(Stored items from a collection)
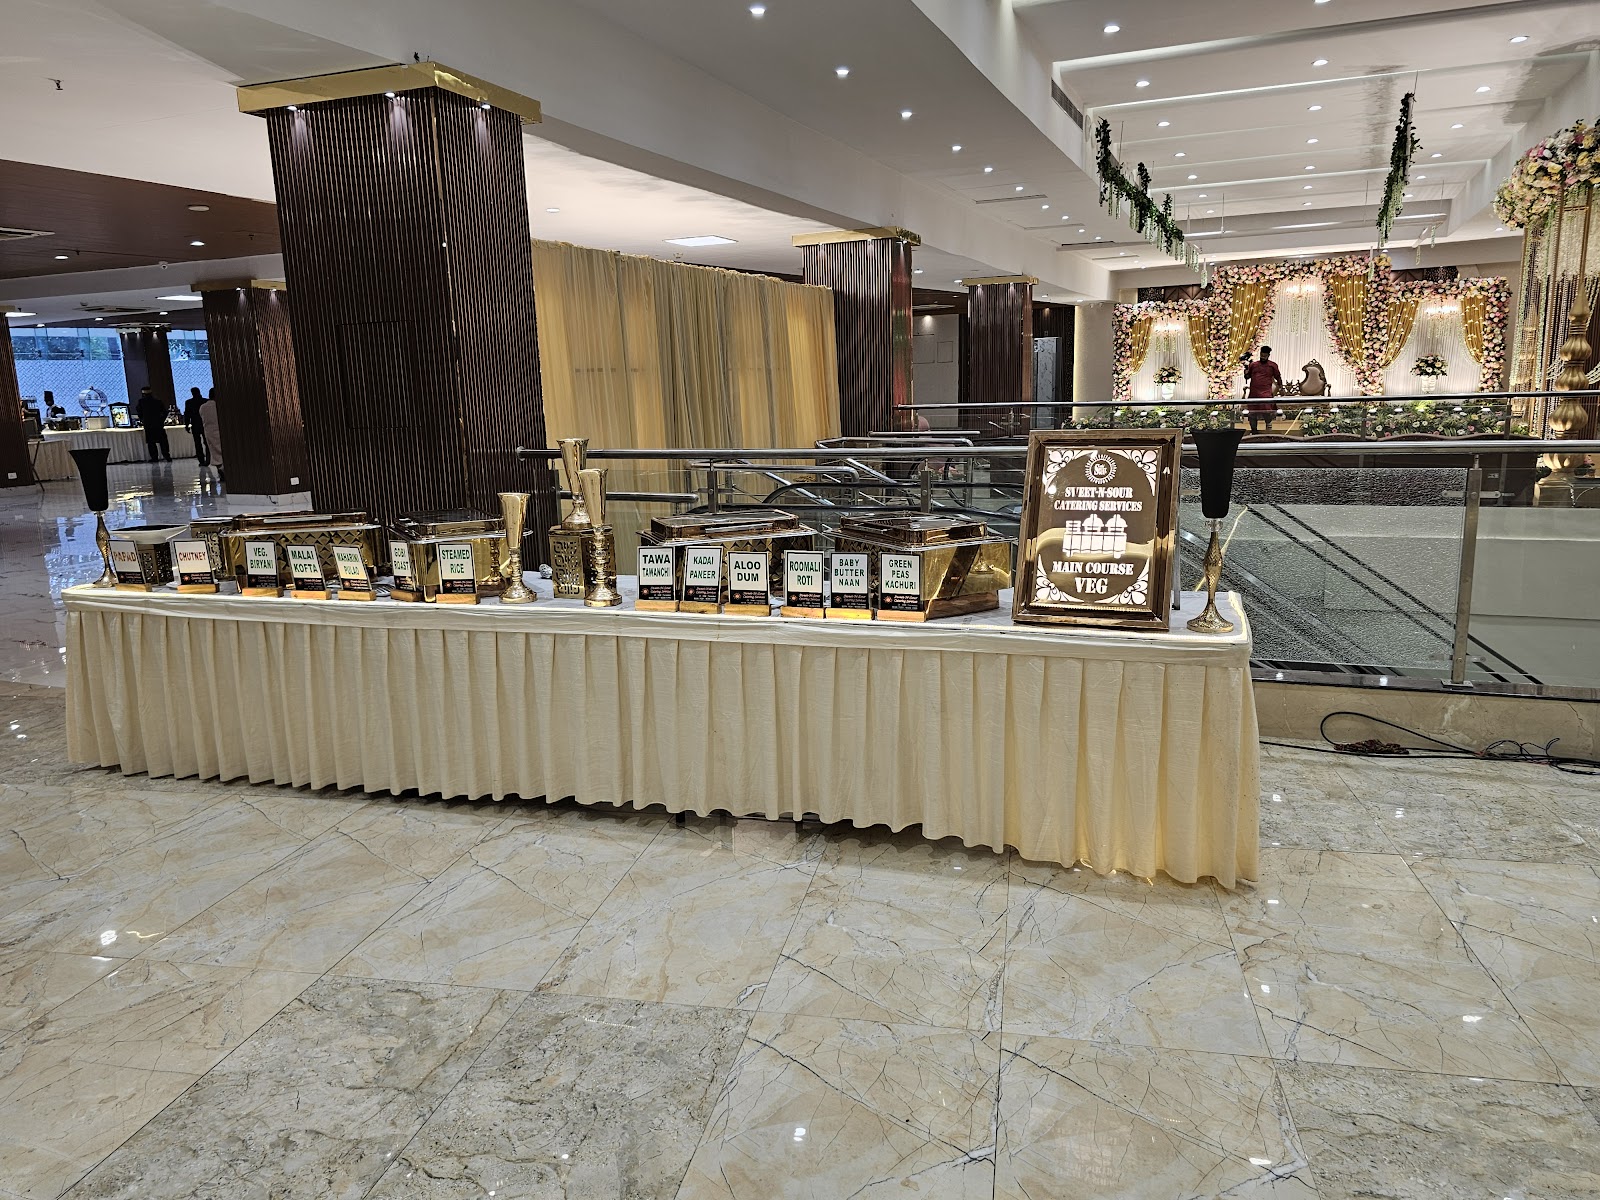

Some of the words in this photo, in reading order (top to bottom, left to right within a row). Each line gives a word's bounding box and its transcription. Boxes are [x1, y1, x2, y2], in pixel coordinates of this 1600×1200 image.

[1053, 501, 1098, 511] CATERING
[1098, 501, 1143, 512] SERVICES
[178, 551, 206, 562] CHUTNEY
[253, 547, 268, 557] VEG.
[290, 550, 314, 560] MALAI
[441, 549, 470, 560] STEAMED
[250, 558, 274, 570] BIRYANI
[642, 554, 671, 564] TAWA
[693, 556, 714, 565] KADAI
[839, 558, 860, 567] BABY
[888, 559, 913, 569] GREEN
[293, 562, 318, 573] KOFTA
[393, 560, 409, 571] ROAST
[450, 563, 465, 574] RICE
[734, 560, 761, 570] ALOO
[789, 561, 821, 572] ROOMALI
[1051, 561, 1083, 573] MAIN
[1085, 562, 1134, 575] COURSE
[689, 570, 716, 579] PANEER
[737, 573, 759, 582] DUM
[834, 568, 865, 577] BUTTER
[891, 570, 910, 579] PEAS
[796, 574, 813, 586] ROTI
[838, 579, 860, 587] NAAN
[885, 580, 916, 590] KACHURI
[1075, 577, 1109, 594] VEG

EXERCISE GOAL:
Retype the records above exactly, and keep any picture out of what you write.

TASK RESPONSE:
Some of the words in this photo, in reading order (top to bottom, left to right within a row). Each line gives a word's bounding box and its transcription. Boxes are [x1, y1, x2, y2], in pixel coordinates of this 1600×1200 image.

[1053, 501, 1098, 511] CATERING
[1098, 501, 1143, 512] SERVICES
[178, 551, 206, 562] CHUTNEY
[253, 547, 268, 557] VEG.
[290, 550, 314, 560] MALAI
[441, 549, 470, 560] STEAMED
[250, 558, 274, 570] BIRYANI
[642, 554, 671, 564] TAWA
[693, 556, 714, 565] KADAI
[839, 558, 860, 567] BABY
[888, 559, 913, 569] GREEN
[293, 562, 318, 573] KOFTA
[393, 560, 409, 571] ROAST
[450, 563, 465, 574] RICE
[734, 560, 761, 570] ALOO
[789, 561, 821, 572] ROOMALI
[1051, 561, 1083, 573] MAIN
[1085, 562, 1134, 575] COURSE
[689, 570, 716, 579] PANEER
[737, 573, 759, 582] DUM
[834, 568, 865, 577] BUTTER
[891, 570, 910, 579] PEAS
[796, 574, 813, 586] ROTI
[838, 579, 860, 587] NAAN
[885, 580, 916, 590] KACHURI
[1075, 577, 1109, 594] VEG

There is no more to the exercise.